[Data in this exercise]
···
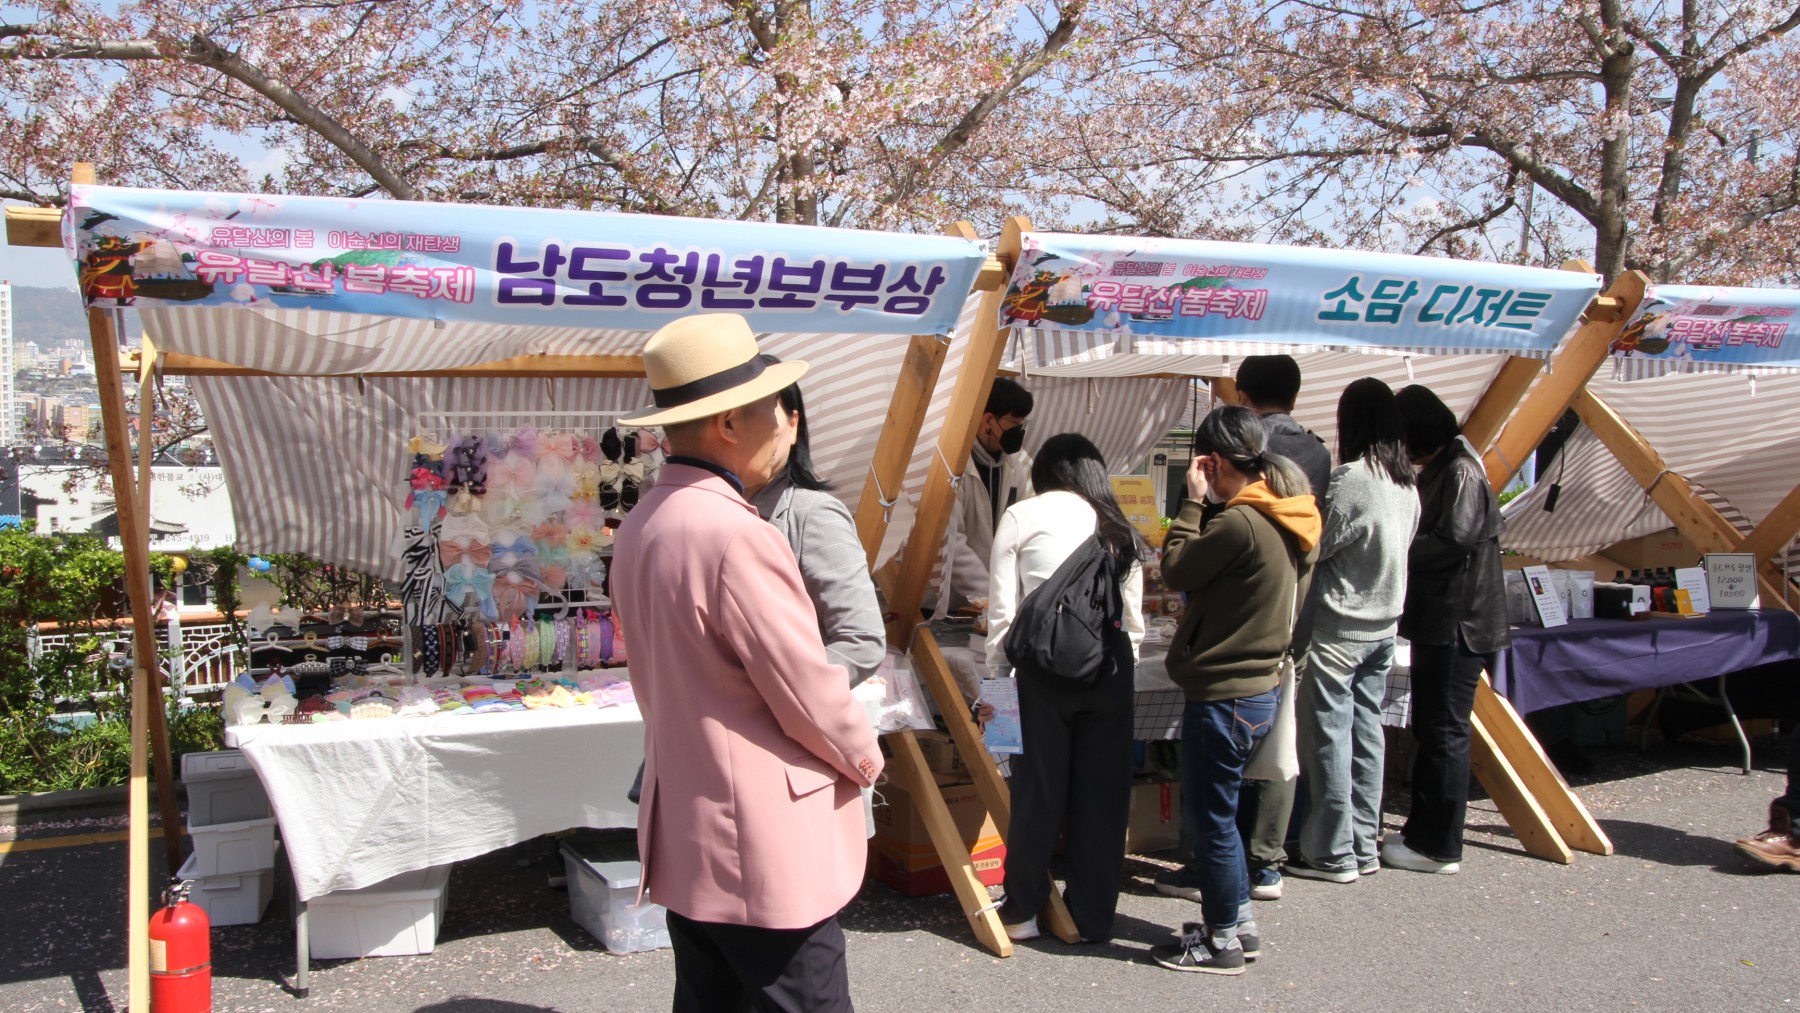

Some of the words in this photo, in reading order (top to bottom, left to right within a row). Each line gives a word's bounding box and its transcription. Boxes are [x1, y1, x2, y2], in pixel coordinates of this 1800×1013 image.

[211, 227, 290, 250] 유달산의
[294, 228, 315, 250] 봄
[328, 229, 404, 252] 이순신의
[405, 233, 461, 253] 재탄생
[197, 250, 337, 292] 유달산
[344, 263, 476, 304] 봄축제
[495, 240, 947, 315] 남도청년보부상
[1183, 264, 1231, 279] 이순신의
[1232, 265, 1268, 280] 재탄생
[1088, 281, 1179, 316] 유달산
[1179, 287, 1268, 320] 봄축제
[1317, 275, 1419, 325] 소담
[1417, 284, 1553, 331] 디저트
[1668, 318, 1731, 346] 유달산
[1725, 321, 1789, 348] 봄축제
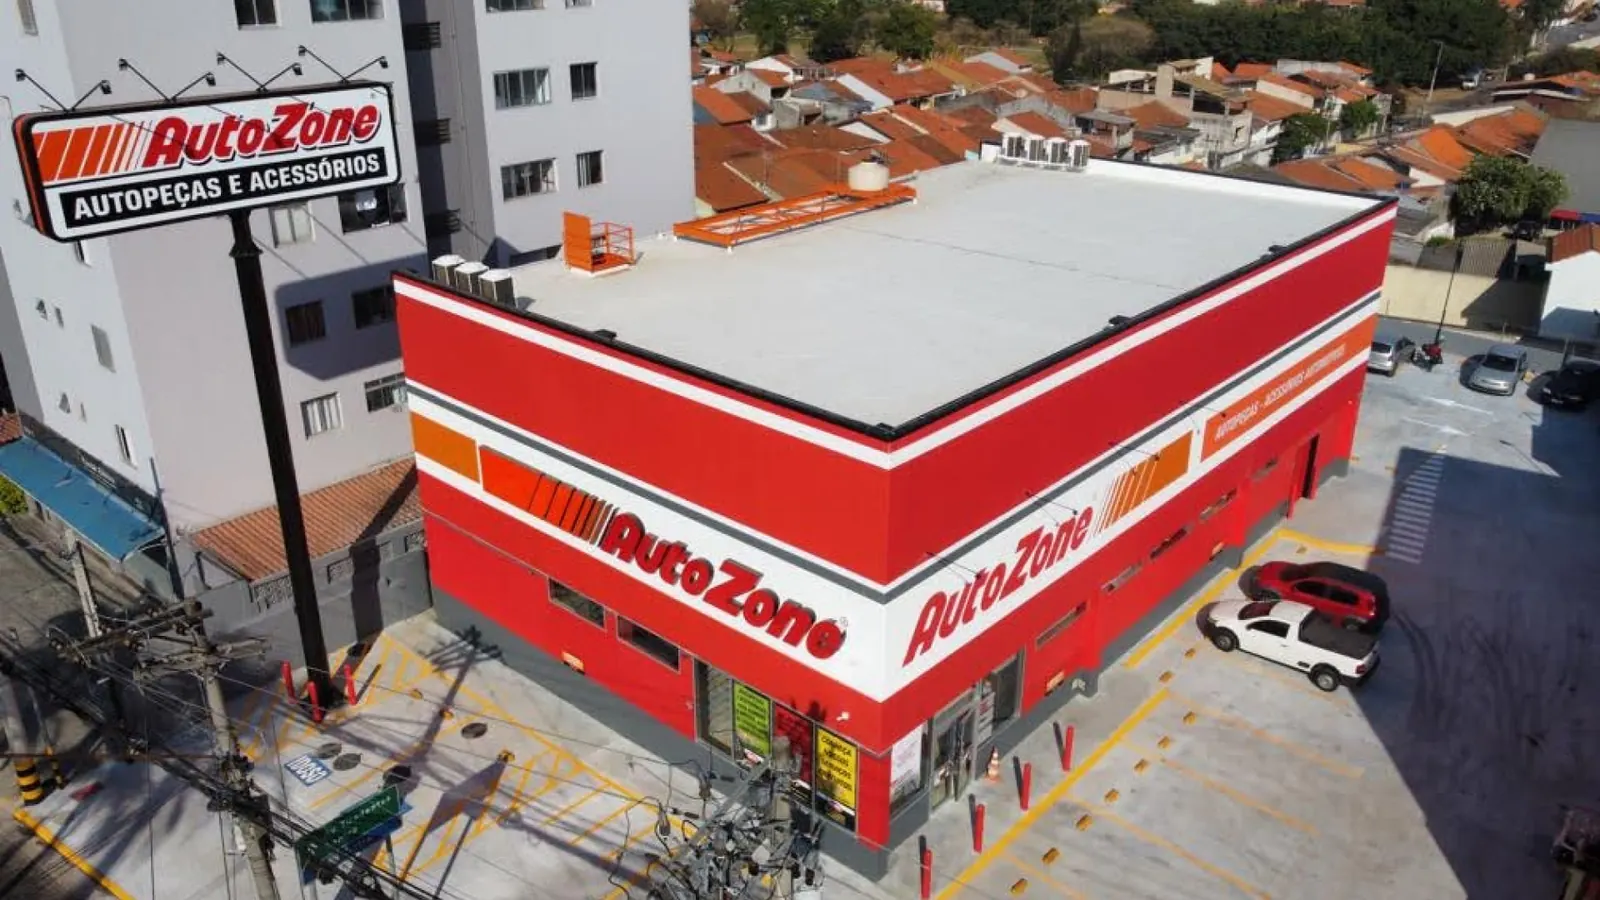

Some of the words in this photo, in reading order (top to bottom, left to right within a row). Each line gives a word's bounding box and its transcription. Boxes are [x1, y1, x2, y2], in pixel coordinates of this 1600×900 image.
···
[Instructions to follow]
Output each record exactly as it appears, but not the pictures.

[Written solution]
Some of the words in this photo, in reading order (top to bottom, left to right within a row). Each line gives a word's bounding box and its transcription. Boxes are [x1, y1, x2, y2], in pixel coordinates of this 1800×1013 image.

[211, 227, 290, 250] 유달산의
[294, 228, 315, 250] 봄
[328, 229, 404, 252] 이순신의
[405, 233, 461, 253] 재탄생
[197, 250, 337, 292] 유달산
[344, 263, 476, 304] 봄축제
[495, 240, 947, 315] 남도청년보부상
[1183, 264, 1231, 279] 이순신의
[1232, 265, 1268, 280] 재탄생
[1088, 281, 1179, 316] 유달산
[1179, 287, 1268, 320] 봄축제
[1317, 275, 1419, 325] 소담
[1417, 284, 1553, 331] 디저트
[1668, 318, 1731, 346] 유달산
[1725, 321, 1789, 348] 봄축제

Some of the words in this photo, in reading order (top to bottom, left to right within a row). Each line gives a word's bounding box and its transcription. Boxes are [x1, y1, x2, y2], in pixel coordinates of this 1600×900 image.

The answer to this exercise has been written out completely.